In fact, the day after my last day of work found me on a plane from Milan to Amsterdam. I had met some wonderful Dutch people at Italian-language school in Genova, later found a cheap flight, and knew I couldn't pass up an opportunity to visit them at their homes.
Anne (pronounced An-neh) was an exceptionally lively man of 80. If you don't believe me, how many men of that age do you know that go and study a language in another country?
(This also goes to show that when it comes to making friends, age is nothing but a number! And that we all need a grandpa, now and then.)
It's true what they say: northern Europe really is a world apart from the south.

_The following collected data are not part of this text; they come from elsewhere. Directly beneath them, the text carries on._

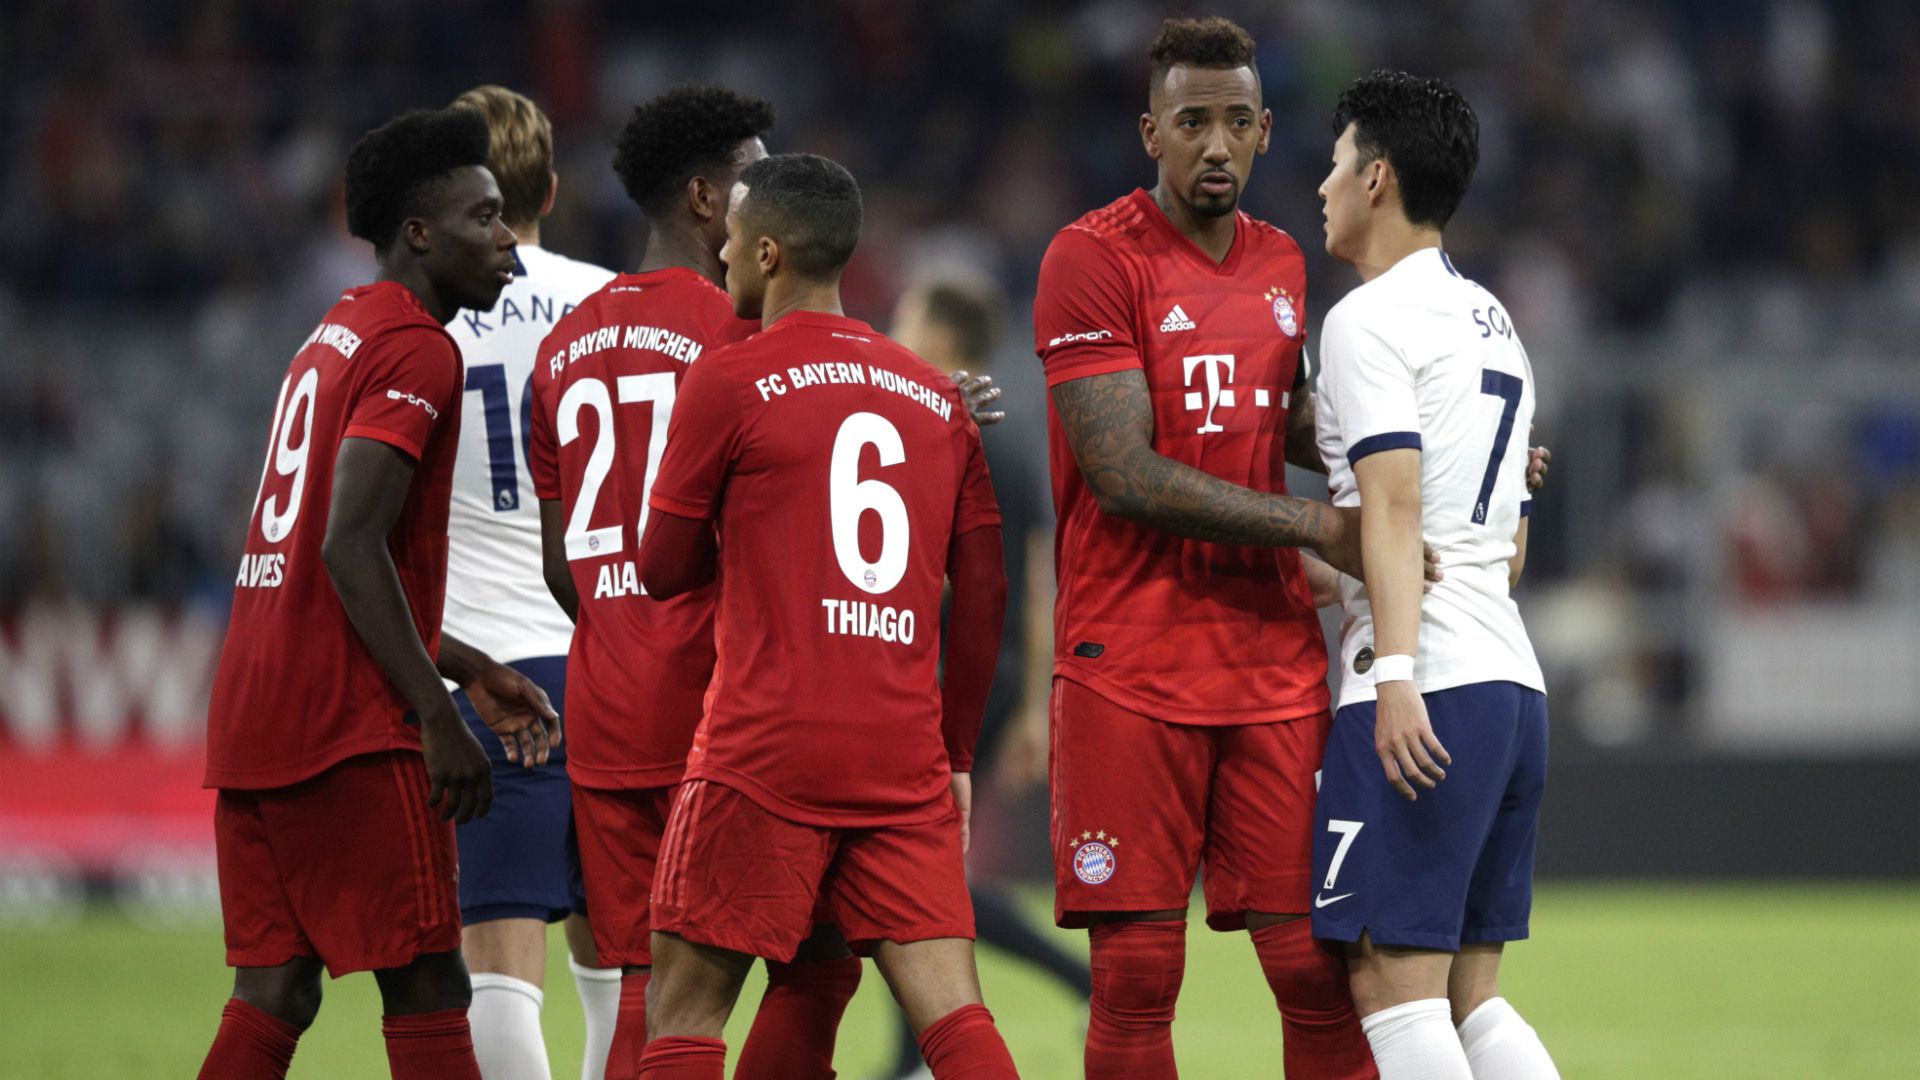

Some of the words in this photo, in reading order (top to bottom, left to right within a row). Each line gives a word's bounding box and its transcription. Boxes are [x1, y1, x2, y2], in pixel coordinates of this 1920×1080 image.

[1048, 329, 1113, 347] e-tron
[1160, 320, 1196, 333] adidas
[1471, 305, 1512, 340] SON
[550, 349, 566, 380] FC
[568, 324, 620, 364] BAYRN
[622, 324, 704, 364] MÜNCHEN
[386, 388, 439, 420] e-tron
[755, 373, 787, 402] FC
[786, 362, 866, 390] BAYERN
[868, 365, 952, 423] MÜNCHEN
[556, 371, 676, 562] 27
[1470, 367, 1524, 526] 7
[829, 411, 910, 595] 6
[594, 560, 649, 600] ALA
[821, 598, 915, 646] THIAGO
[1322, 818, 1365, 890] 7

I had a fantastic time in the Netherlands. The weather was beautiful, Amsterdam’s canals and well-maintained canal houses shone, Anne and I discovered wonderful restaurants (a very cute Italian trattoria, a sumptuous Indonesian place, a French bistro). “What did we do,” he frequently asked, “to deserve this?”
One day he took me on a detour through a grand park he used to cycle through every day to work. “It made me really happy,” he said, “to think that at the end of the day I would be able to bike home through this.” Old thatched-roof houses, forests of green trees, almost-hidden lakes... “It was a FEAST!”
Maybe his most special memory was of this spot.
"In 1945 I was 8 years old, standing on this corner, when I saw the first Canadian soldiers coming down that street. That's when I knew the war was really over."
"So, everything's on me today," he continued. "I want to give a little back to the country that did so much for me."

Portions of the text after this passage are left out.